Pappo merecía una biografía; ya la tiene. Entre la revelación de aspectos inverosímiles (el día que tocó para el padre Mugica en la Villa 31 desde el techo de una casilla con Spinetta en el bajo y Pomo en batería, por caso) y el relato de las maratones de cabaret, drogas, fierros, riñas y alcohol, El hombre suburbano vuelve a poner en la palestra las idas y vueltas y los círculos de un hombre que pagó con su cuerpo las contradicciones del mismo género que enalteció: el rock. Entre aristas poco difundidas (la muerte de un hermano, su casamiento en 1977, un hijo que no llegó a nacer) y tópicos más clásicos como la violencia alrededor de Riff o los celos artísticos con Jaf, el libro tiene ritmo, data, se lee como una larga cronología comentada y, al pasar, opera como un relato de la mutación del rock argentino en rock nacional: es decir, de ser ghetto perseguido a ocupar el centro del poder.
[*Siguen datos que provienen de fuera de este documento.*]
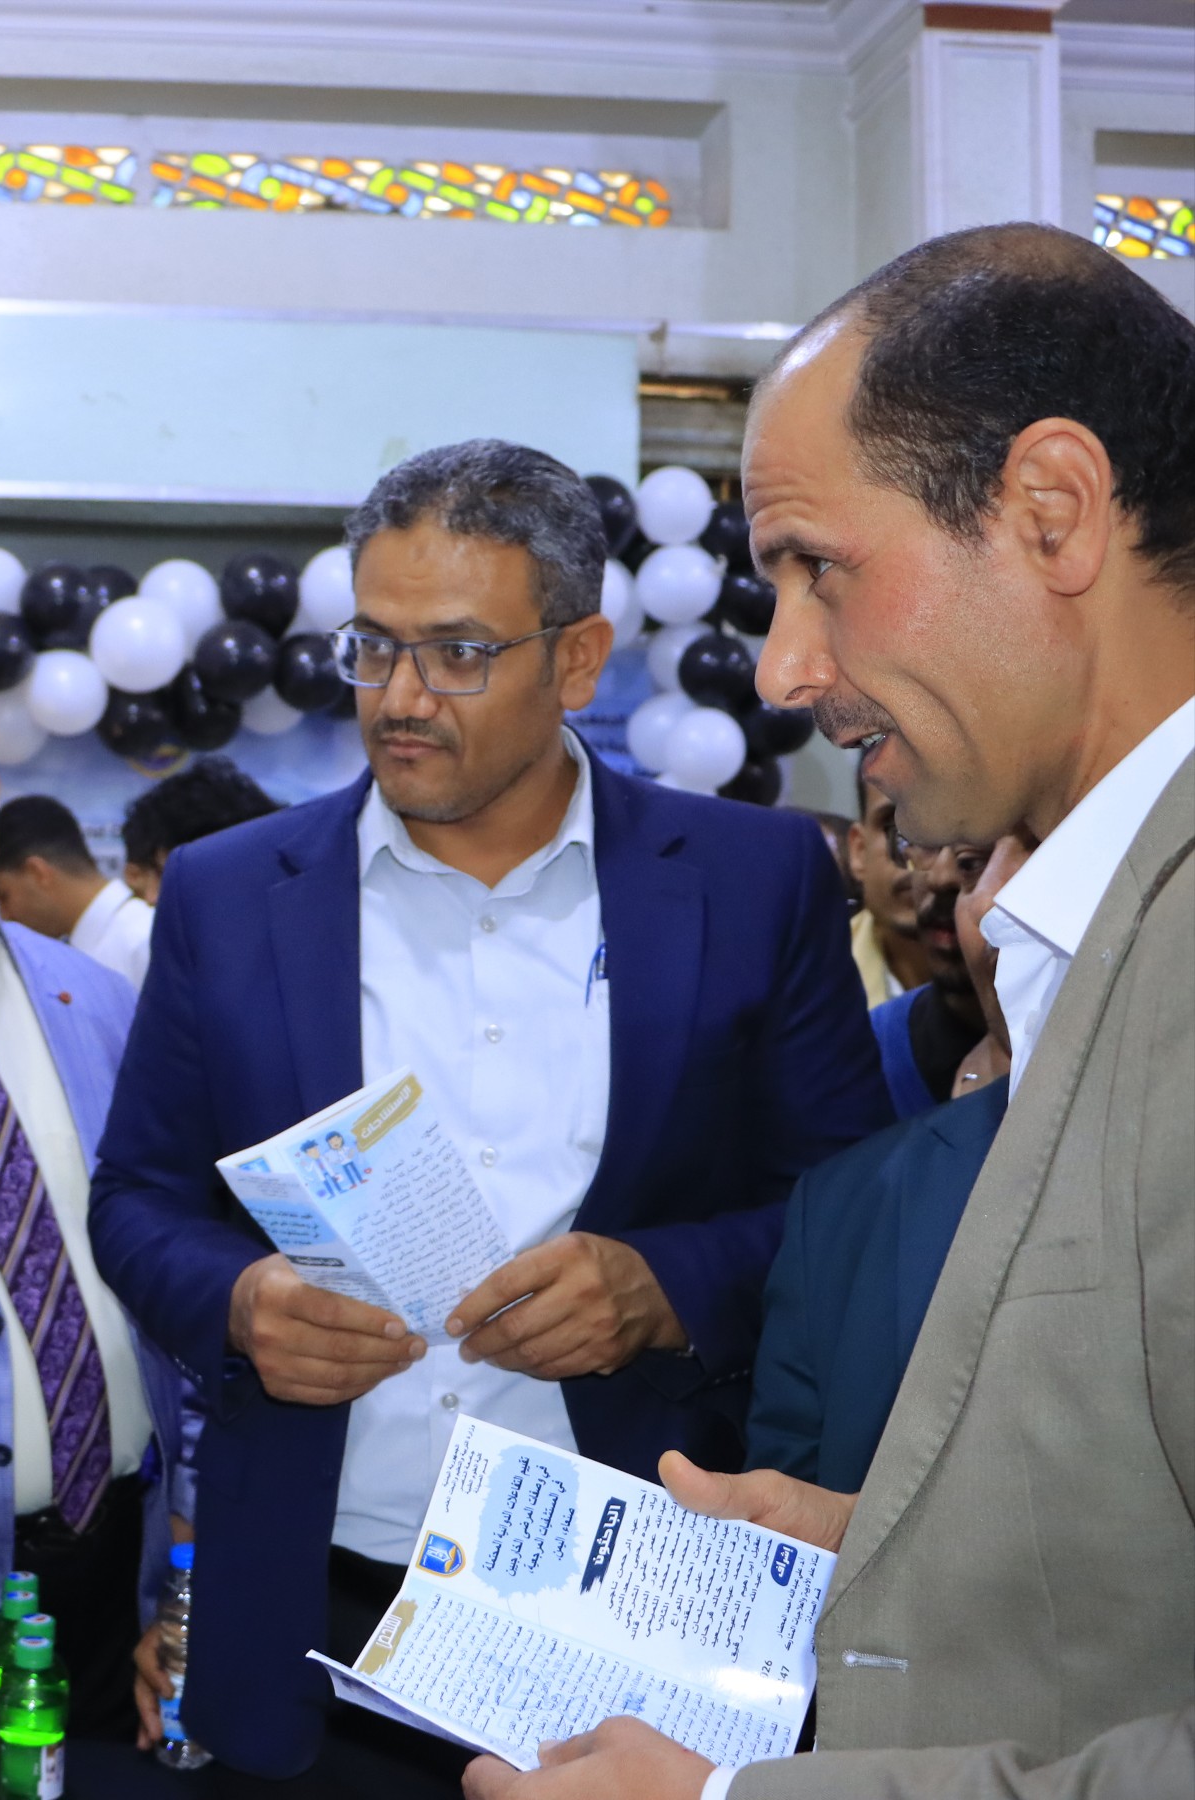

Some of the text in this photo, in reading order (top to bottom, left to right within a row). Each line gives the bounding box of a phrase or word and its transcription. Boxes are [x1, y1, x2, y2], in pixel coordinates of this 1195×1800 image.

[551, 1479, 567, 1494] في
[481, 1455, 531, 1572] تقييم التفاعلات الدوائية المحتملة
[505, 1464, 551, 1577] في وصفات المرضى الخارجيين
[538, 1492, 559, 1537] المستشفيات
[640, 1514, 651, 1538] عبده
[552, 1507, 576, 1562] صنعاء، اليمن.
[593, 1505, 621, 1565] الباحثون
[649, 1533, 657, 1554] عمر
[669, 1531, 682, 1560] مسعد
[692, 1532, 704, 1560] الدين
[729, 1525, 742, 1554] شرف
[742, 1529, 752, 1552] اكرم
[750, 1535, 762, 1559] عقيل
[656, 1535, 669, 1564] محمد
[678, 1538, 691, 1567] محمد
[701, 1542, 713, 1567] احمد
[760, 1538, 774, 1569] حسين
[776, 1546, 793, 1578] إشراف
[650, 1566, 659, 1586] نور
[658, 1562, 672, 1592] محمد
[683, 1561, 696, 1587] احمد
[704, 1567, 717, 1596] محمد
[720, 1555, 732, 1583] الدين
[732, 1553, 745, 1581] محمد
[608, 1580, 619, 1610] ناجي
[668, 1569, 681, 1599] محمد
[711, 1585, 724, 1608] خالد
[637, 1589, 651, 1619] الدين
[740, 1605, 752, 1632] احمد
[710, 1620, 724, 1648] سعيد
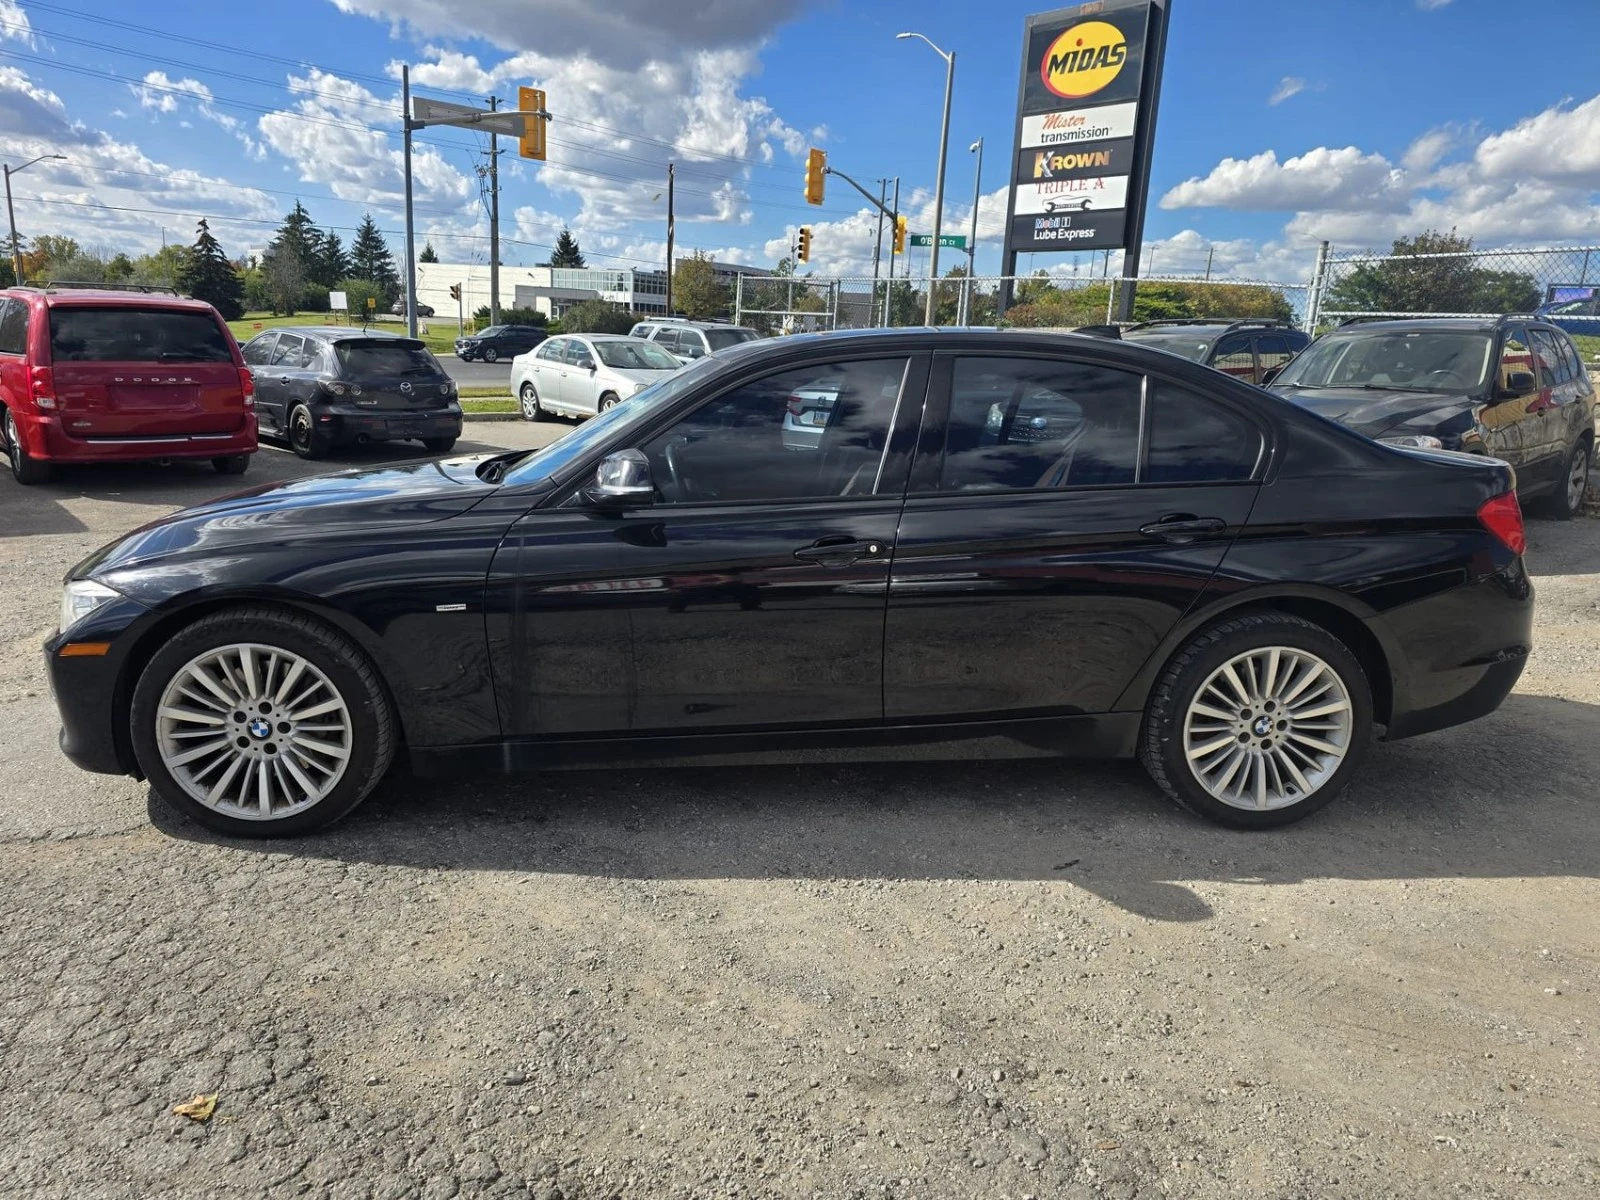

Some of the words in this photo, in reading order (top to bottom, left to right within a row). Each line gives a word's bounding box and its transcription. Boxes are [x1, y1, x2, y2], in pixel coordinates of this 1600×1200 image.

[1047, 40, 1127, 78] MIDAS
[1042, 113, 1086, 130] Mister
[1041, 126, 1109, 143] transmission
[1036, 178, 1087, 195] TRIPLE
[1093, 177, 1105, 190] A
[1035, 217, 1060, 229] Mobil
[1034, 229, 1057, 240] Lube
[1057, 228, 1095, 241] Express
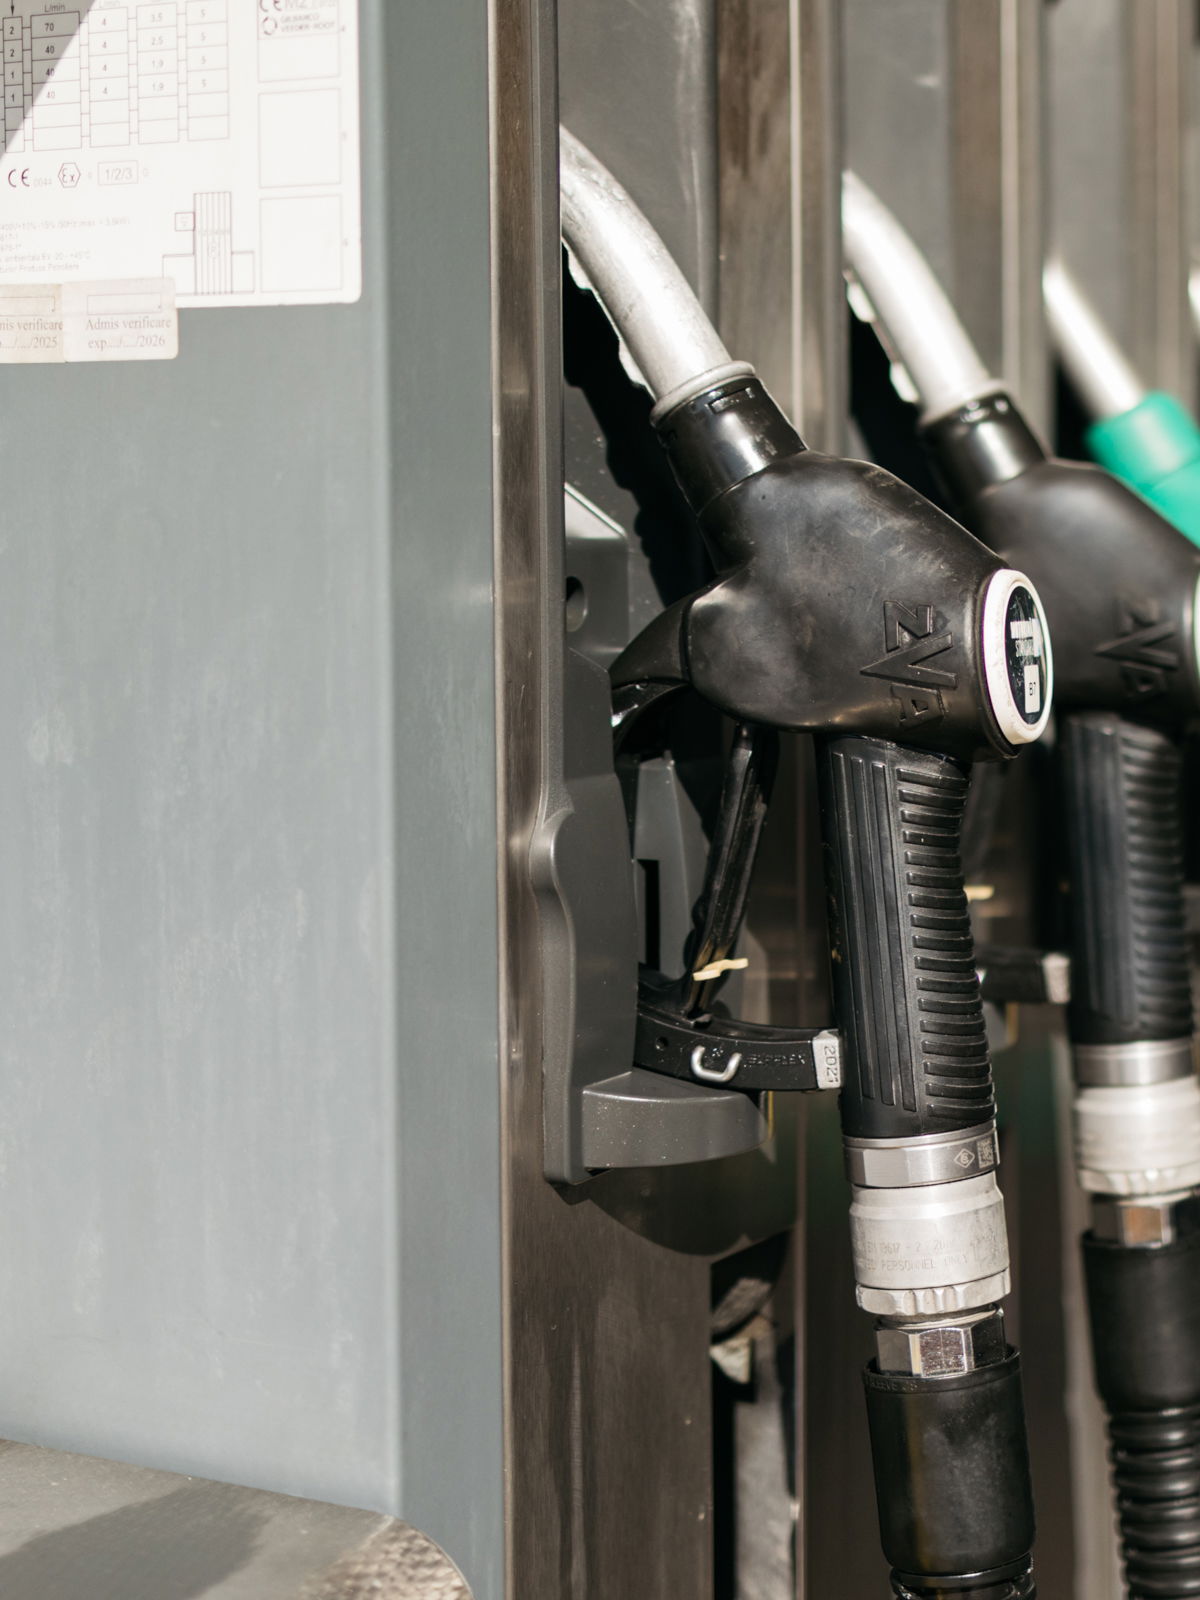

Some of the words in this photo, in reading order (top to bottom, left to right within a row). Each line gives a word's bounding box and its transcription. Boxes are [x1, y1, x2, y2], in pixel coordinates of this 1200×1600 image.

[44, 3, 66, 12] L/min
[9, 26, 14, 35] 2
[44, 23, 54, 32] 70
[101, 18, 107, 26] 4
[9, 49, 14, 57] 2
[45, 45, 55, 54] 40
[101, 41, 107, 49] 4
[11, 71, 15, 79] 1
[45, 68, 55, 76] 40
[102, 64, 108, 72] 4
[11, 93, 15, 102] 1
[46, 91, 55, 99] 40
[102, 86, 108, 95] 4
[7, 168, 30, 188] CE
[105, 167, 133, 181] 1/2/3
[17, 318, 64, 331] verificare
[86, 317, 120, 331] Admis
[122, 315, 172, 329] verificare
[824, 1045, 839, 1084] 2021
[881, 1256, 937, 1272] PERSONNEL
La parábola de Pappo es clara: aunque apolítico, en los ’70 fue junto a Billy Bond y otros una manifestación asépticamente peronista; en los ’90, como Charly, se dejó cautivar por el menemismo más rancio.
En 100 veces Pappo se reconstruyen unos diálogos que marcan su compromiso político:
En 1995, al día siguiente de la votación que determinó la segunda presidencia de Menem, Pappo almorzaba con Alvaro Villagra y el técnico asistente, “Manza” Esaín. En pleno mastique, le pregunta a “Manza”:
–¿Vos a quién votaste?
–A Bordón.
Ahora mirando a Villagra, suelta:
–¿No ves que es un pelotudo?
A Manza, de nuevo:
–A ver, decime: ¿con qué presidente volvió la Fórmula 1? ¿Y con qué presidente vinieron los Rolling Stones?
Este héroe de la clase trabajadora que fue ovacionado en el Madison Square Garden se quejaba poco antes de su muerte de que nadie lo reconocía como artista, de que la Argentina era un país injusto. “Mucha leyenda, pero los discos no se venden”, decía amargamente. Aspiraba a resurgir con Buscando un amor, el disco que le produjo el Corcho Rodríguez. Ansiaba que ocurriera un déjà vu del suceso desatado en 1992 con Blues local, álbum que a través de “Mi vieja” lo transversalizó, lo rescató de cierto olvido y lo elevó a un muñeco Jack de sí mismo, apto para todo público.
En una de las últimas entrevistas dijo que el blues era un buen género para envejecer. No pudo ser: jugando en la ruta con su hijo Luciano se pegó el palo con la moto.
Entonces se dijo, se escribió, se repitió hasta el cansancio la frase ladina: que murió en su ley.
Pappo no tenía ley.
Todos los fragmentos de estas páginas están tomados de Pappo. El hombre suburbano de Sergio Marchi.